The photographs of Jasenko Rasol also deal with food. They are of the winter gardens that came spontaneously into being on patches of urban waste land. The interest in this “non-urban” behaviour woven into the tissue of the city tells both of the economy and of human needs.
The documentary film of Valentin Thurn deals with food in an activist way. In his interesting production the German director studies the statistics of wasted food, particularly as related to the big supermarkets, and puts forward a suggestion − that we should eat waste.

Apart from food, the artists have in very different way become engaged with alternative forms of energy. mischler’traxler have turned our enjoyment in that aromatic but from every other point of view fairly useless beverage, coffee, in its contemporary version, Nespresso, into a generator. In experimental computer poetry, Ines Krasić and Ivan Nikolić Lesh have harnessed lemons. Dubravko Kuhta Tesla enables people to turn footwork into electricity.

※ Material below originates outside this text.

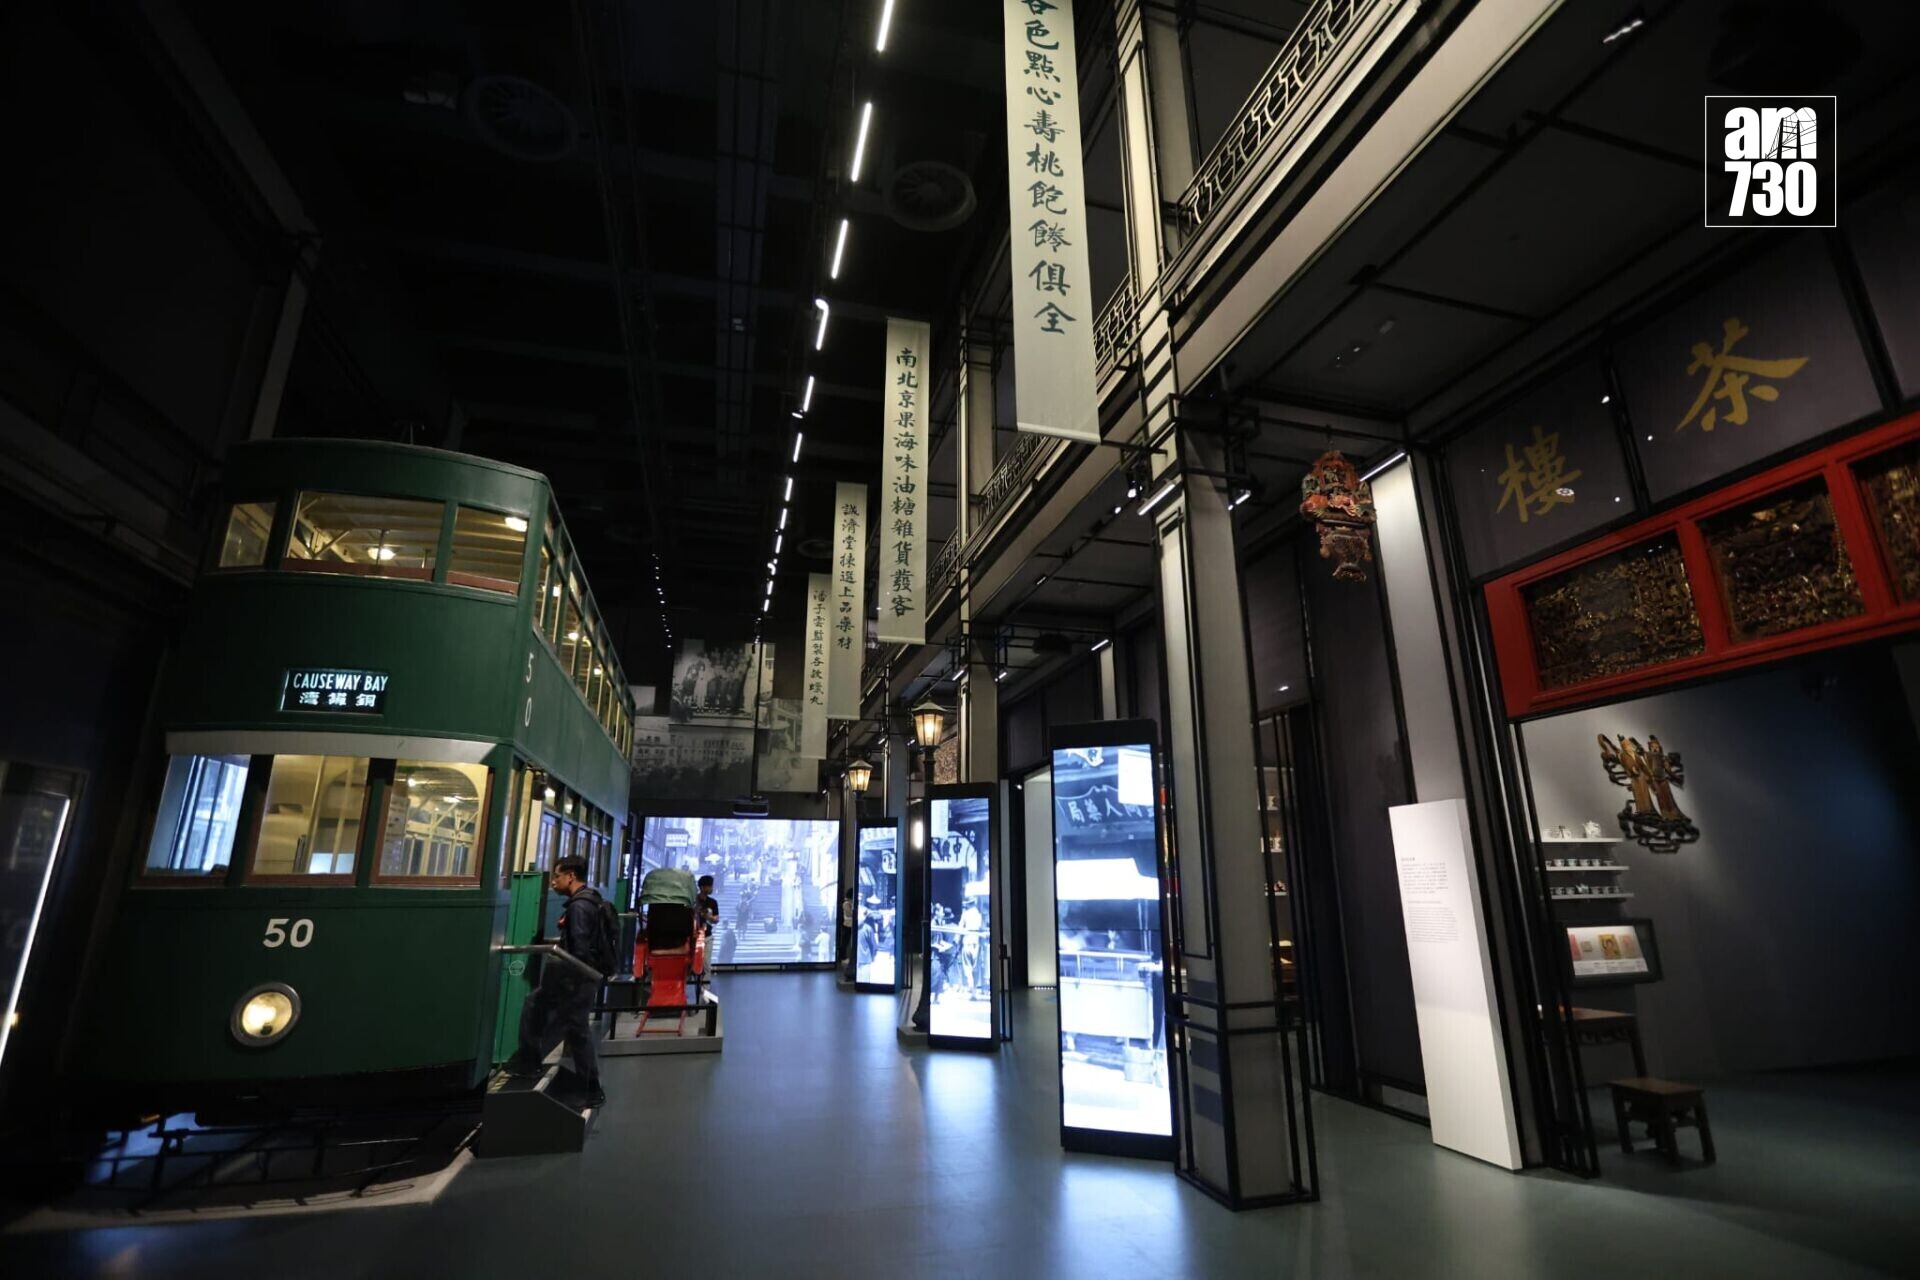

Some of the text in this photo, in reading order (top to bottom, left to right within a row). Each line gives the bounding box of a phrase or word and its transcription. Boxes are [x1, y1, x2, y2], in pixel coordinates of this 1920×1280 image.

[293, 673, 389, 691] CAUSEWAY BAY
[262, 918, 314, 948] 50

One of the themes presented is the transformation of one form of energy into another. In their performance, Bojan Gagić and Miodrag Gladović transform light into sound energy. By contrast, the Evelina Domnitch and Dmitry Gelfand team carries out chemical processes in which at certain temperatures and with certain combinations of gases sound waves can be turned directly into light. This magical work brings us up close to certain phenomena in space, such as sunlight, for example. Tao G. Vrhovec Sambolec tautologically turns wind into wind, creating in an indoor space a totally artificial response to the wind outside. This is a work from a series that ultimately aims at being united into a single work recreating all the atmospheric effects of outdoor space in the interior.

As part of the festival, two performances will be held, both interesting in their own individual ways. American artist Barry Schwartz will put on for us a spectacular clash with electricity. Controlling and sometimes being controlled by high voltage electricity, Schwartz presents us with a much more directly corporeal relationship with electricity than we are used to.
HeHe, a group from Paris, puts an ecological question mark against industrial production, creating at the same time wonderful urban pictures of fluorescent colours. To date they have coloured city horizons making use of the smog in the big cities, and have infiltrated into the traffic little toy cars that let off colourful smoke bombs. In the Touch Me Festival, factory smoke will be made multi-hued.

The work that tries to anticipate the position of humanity in the near future needs mentioning. The project of Marija Knezić is optimistically oriented to the search for solutions to the problem. If the danger from radiation increases up to 2050, Marija anticipates a new cosmetic product − a patch that obviates all the consequences and actually restores energy. And unless a new Tesla is born who transforms the Earth into a gigantic dynamo that projects unlimited wireless electricity available anywhere in the world, we will have to deal with the topic of energy, its politics and economy, its use and abuse.